On a passenger ship travelling from New York to Buenos Aires, an Austrian, the novel's narrator, becomes fascinated by a fellow passenger, the current world chess champion.  Determined to make his acquaintance, our friend lures him into playing a game against some of the passengers.  Of course, Czentovic, a Hungarian prodigy, casually defeats the group in the first game, but in the second game, some assistance from a casual passer-by helps the group to obtain a draw.  And it's here that the game really begins...

Alas, I simply don't have the time, energy or willpower to give this book the treatment it deserves.  Schachnovelle is simply brilliant.  In its contrast of the two chess geniuses, the dogmatic, automaton-like Czentovic, and the self-taught, half-crazed Dr. B, Zweig not only symbolises the eternal clash of art and science, but also lays bare the events of Hitler's annexation (Anschluß) of Austria - I kid you not.

The middle part of the book is a story within a story, in which Dr. B, who hasn't actually picked up a chess piece for twenty years, explains how he developed his incredible chess ability.  It's closely connected with Austria's subsumption into the Third Reich, and as a study of the horrors of nothingness, it is without parallel.  Let's just say that it is possible to be bored out of your mind...

So when the good Doctor, a man who struggles to connect the wooden pieces in front of him to the abstract notions in his head, sits across the board from the self-taught idiot savant, unique among chess Grand-masters in being unable to play a game without actually seeing the board, it is more than just a friendly game to pass the time - ideologies and psychologies come face to face (and don't much like what they see).

As the game progresses, it becomes clear that Dr. B is more than a match for the world champion when it comes to pure chess ability.  But is that all you need to make it to the top?  Or is animal cunning, a thick hide and a lot of patience actually more important in the long run?  Who will come out on top?  I won't tell you that, but the big match is certainly an absorbing contest to watch.

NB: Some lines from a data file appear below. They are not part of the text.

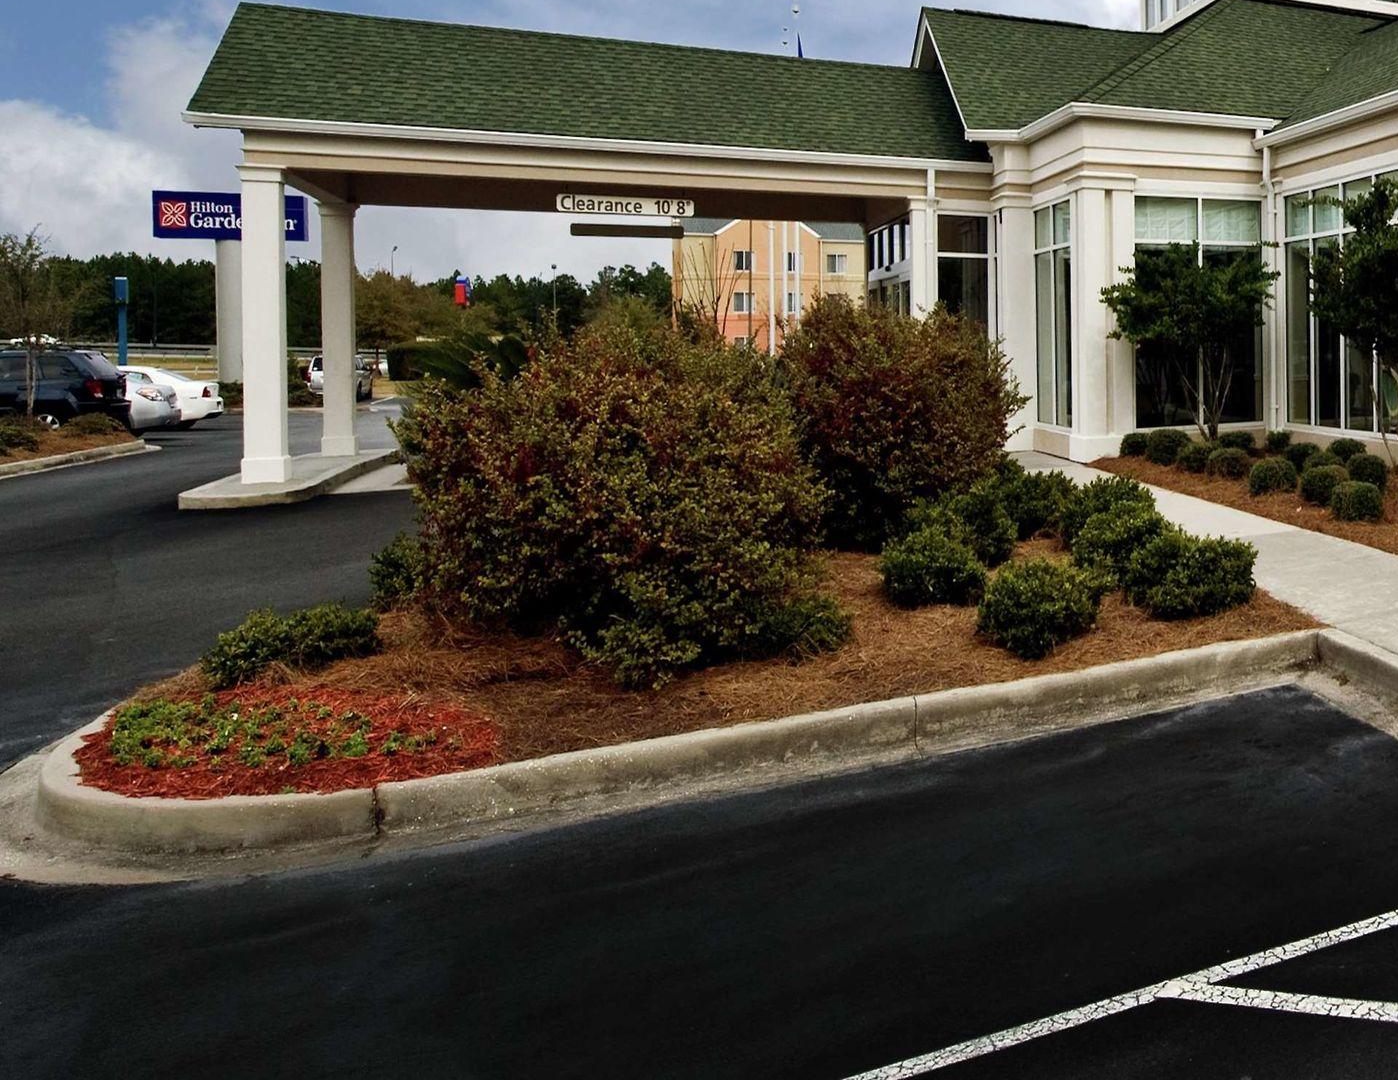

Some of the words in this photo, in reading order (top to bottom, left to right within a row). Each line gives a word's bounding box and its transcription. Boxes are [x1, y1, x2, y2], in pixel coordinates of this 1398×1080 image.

[190, 201, 233, 213] Hilton
[560, 194, 642, 213] Clearance
[190, 213, 242, 229] Garde
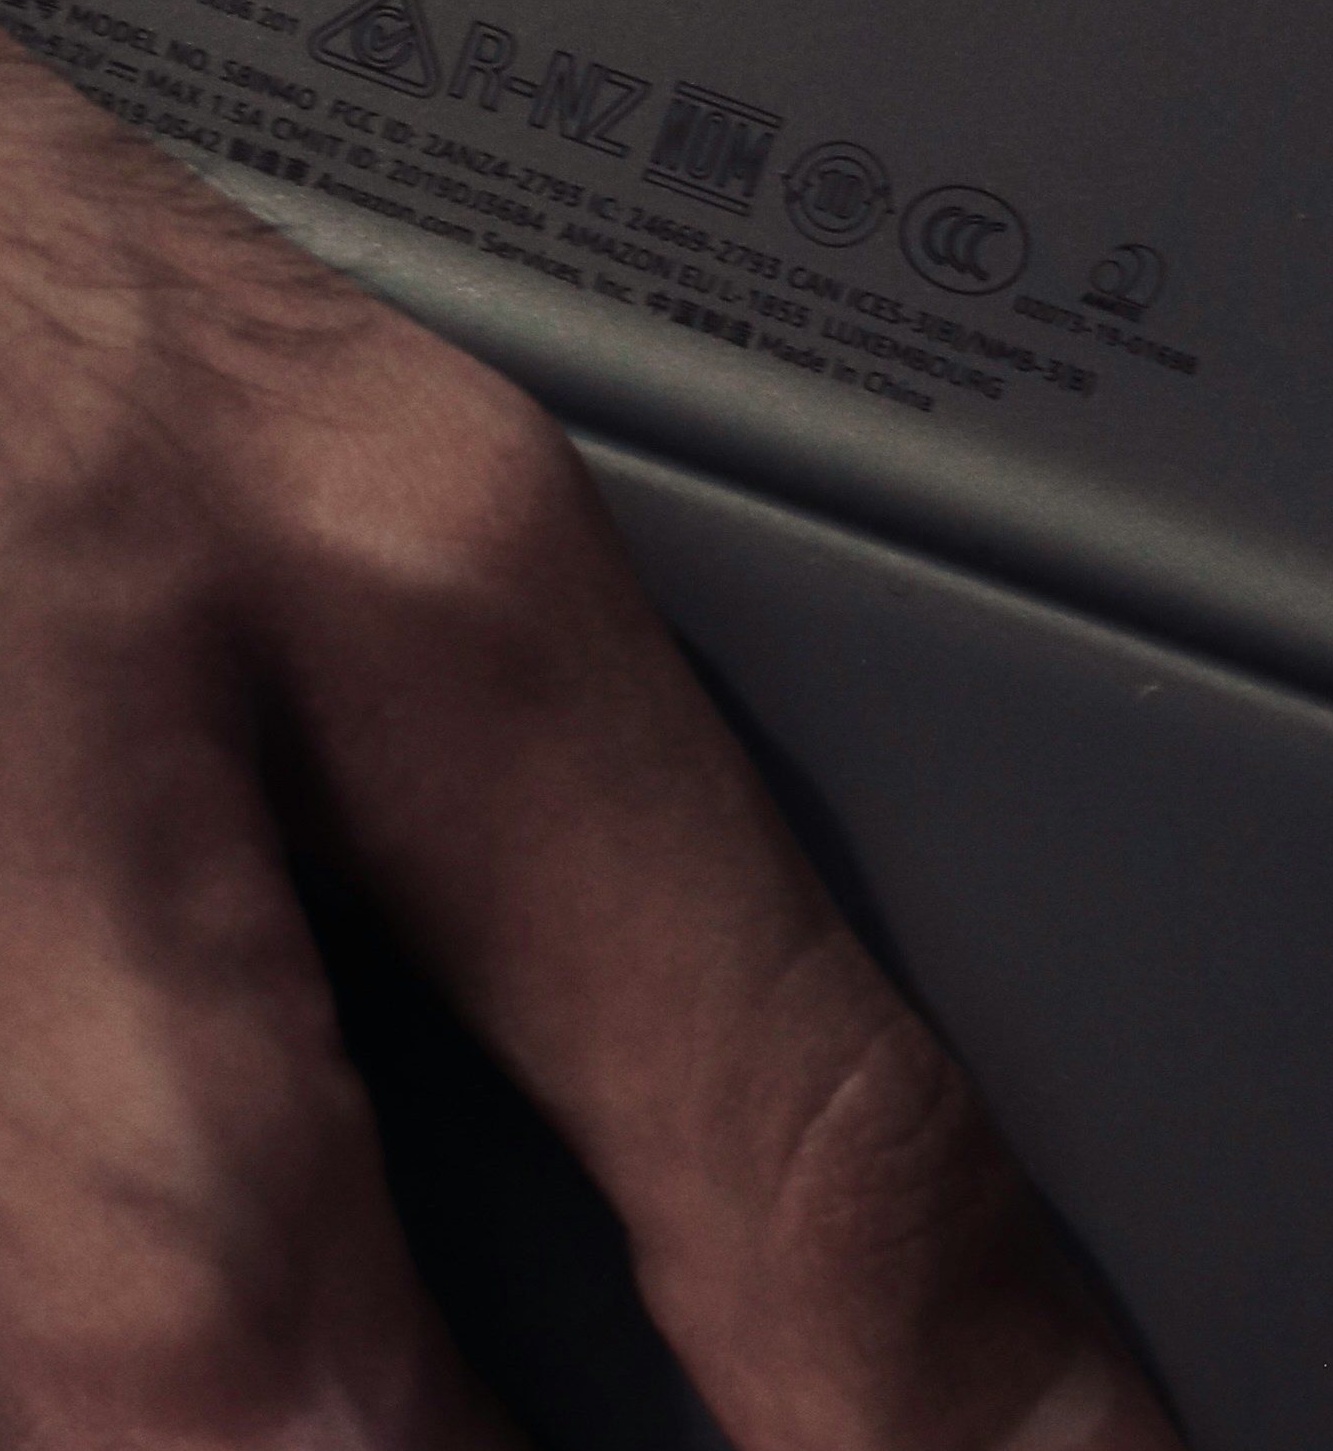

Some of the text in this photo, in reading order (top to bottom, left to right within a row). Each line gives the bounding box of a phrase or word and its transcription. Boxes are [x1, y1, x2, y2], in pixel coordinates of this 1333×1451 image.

[64, 3, 163, 56] MODEL
[329, 97, 381, 135] FCC
[379, 115, 418, 149] ID:
[419, 132, 586, 209] 2ANZ4-2793
[624, 205, 783, 280] 24669-2793
[783, 262, 844, 304] CAN
[445, 18, 655, 160] R-NZ
[648, 95, 776, 199] NOM
[139, 68, 206, 109] MAX
[206, 92, 266, 132] 1.5A
[555, 219, 677, 280] AMAZON
[677, 262, 719, 295] EU
[717, 278, 811, 329] L-1855
[818, 315, 1009, 402] LUXEMBOURG
[310, 168, 478, 246] Amazon.com
[754, 330, 831, 375] Made
[828, 355, 864, 386] in
[859, 366, 940, 415] China
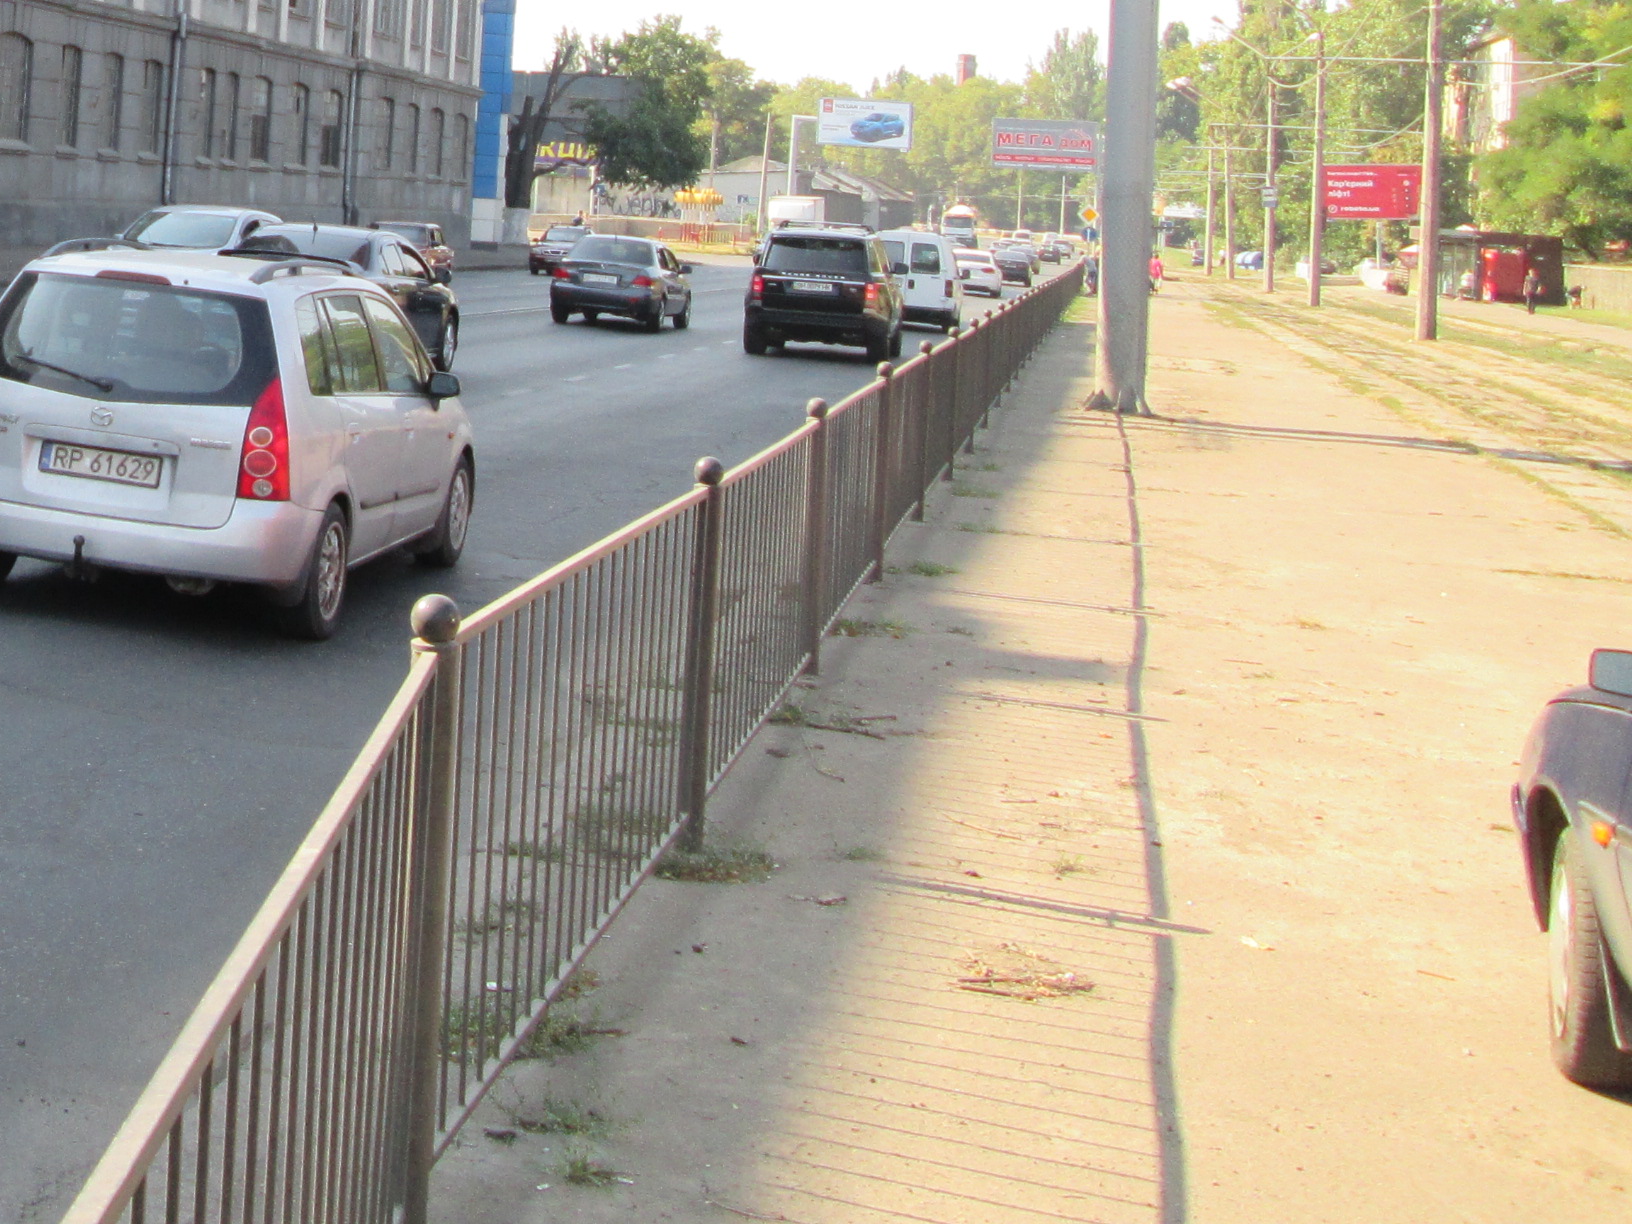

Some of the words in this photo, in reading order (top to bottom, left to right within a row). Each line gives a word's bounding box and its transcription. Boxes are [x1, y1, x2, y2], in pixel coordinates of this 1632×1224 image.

[997, 131, 1054, 149] МЕГА
[53, 446, 83, 470] RP
[90, 454, 156, 481] 61629
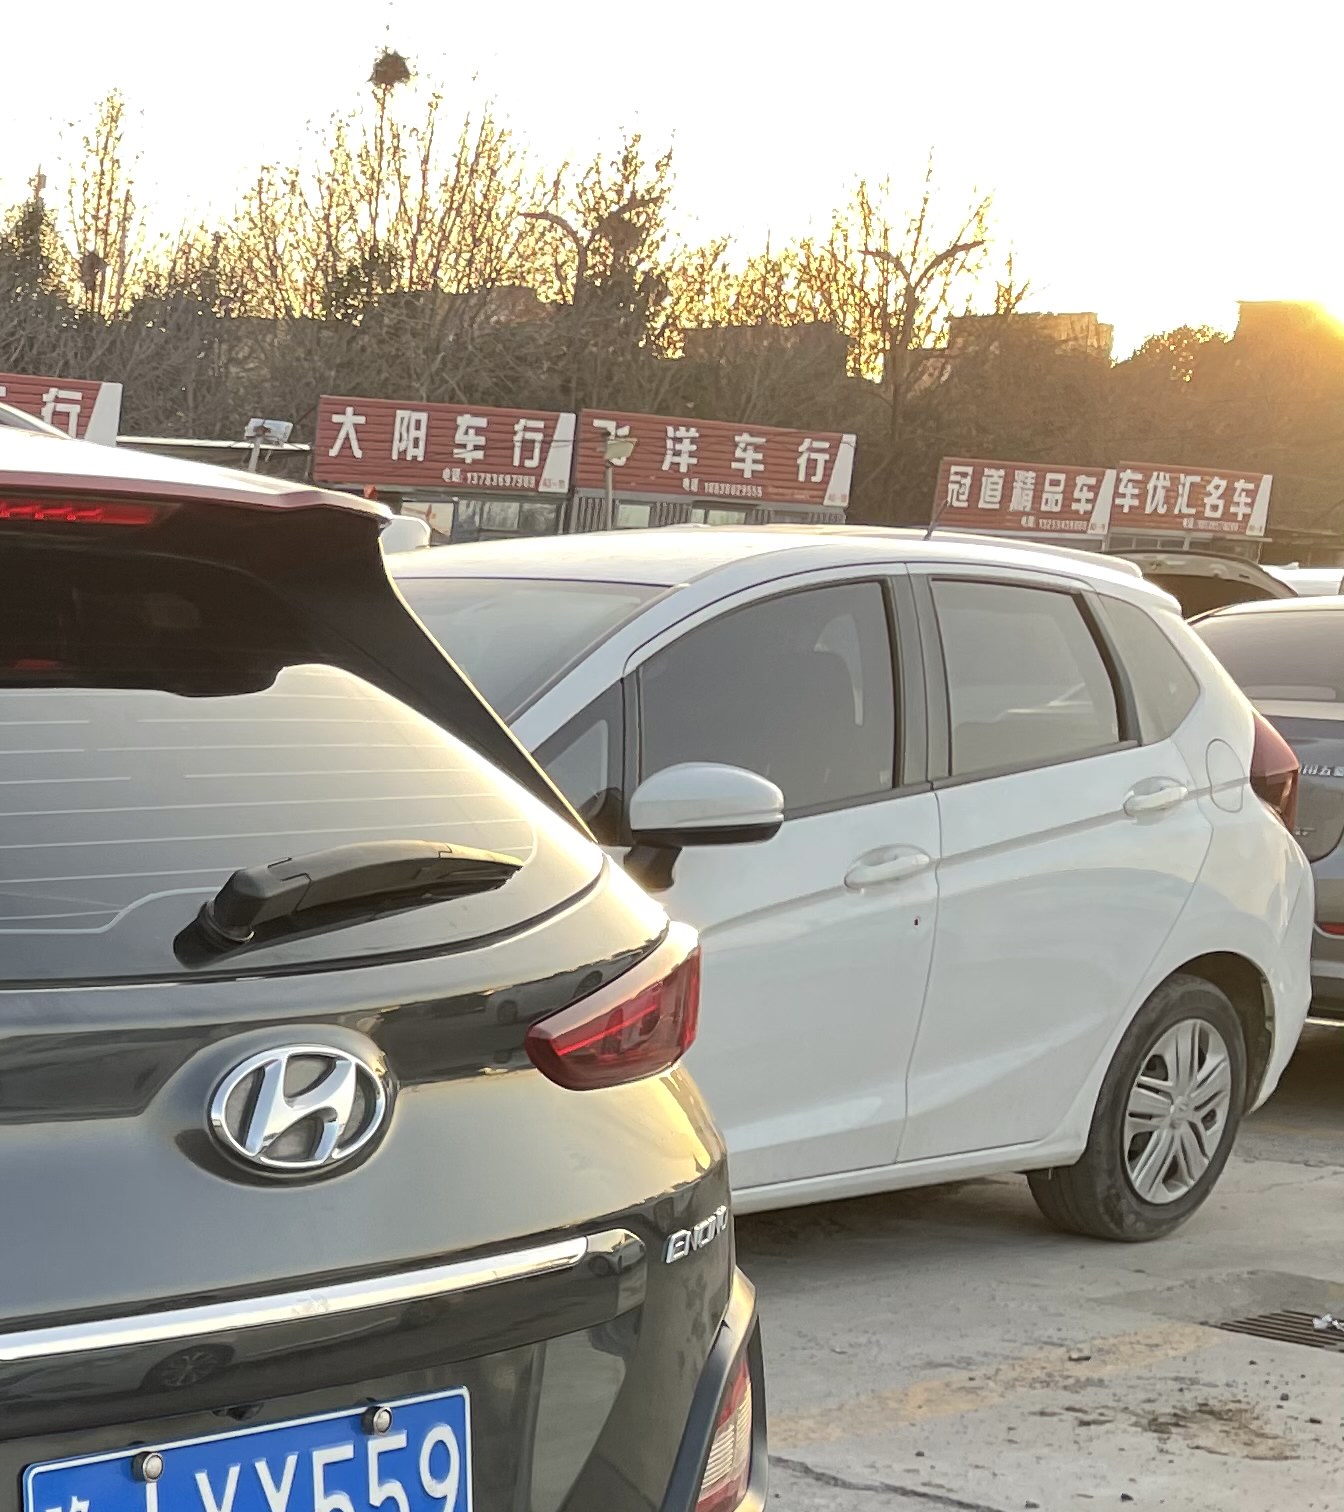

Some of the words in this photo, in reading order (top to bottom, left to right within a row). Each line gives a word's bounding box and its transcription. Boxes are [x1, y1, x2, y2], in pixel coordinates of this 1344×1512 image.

And that's not all Schachnovelle has to offer.  I could easily have written more about the narrator himself, obsessed with getting into Czentovic's mind; or about McConnor, the aggressive Scots millionaire, a man who can't take no for an answer (and definitely doesn't like losing).  In fact, while it may seem that our two protagonists are addicted to chess, they are not the only ones with a bit of a problem...

I read this twice, about ten days apart.  Both times I intended to spread my reading out over two nights; both times I rushed through it in a single evening.  While I would love to go into a deep, psychological analysis of the book, in truth that really is as much about Schachnovelle as you need to know...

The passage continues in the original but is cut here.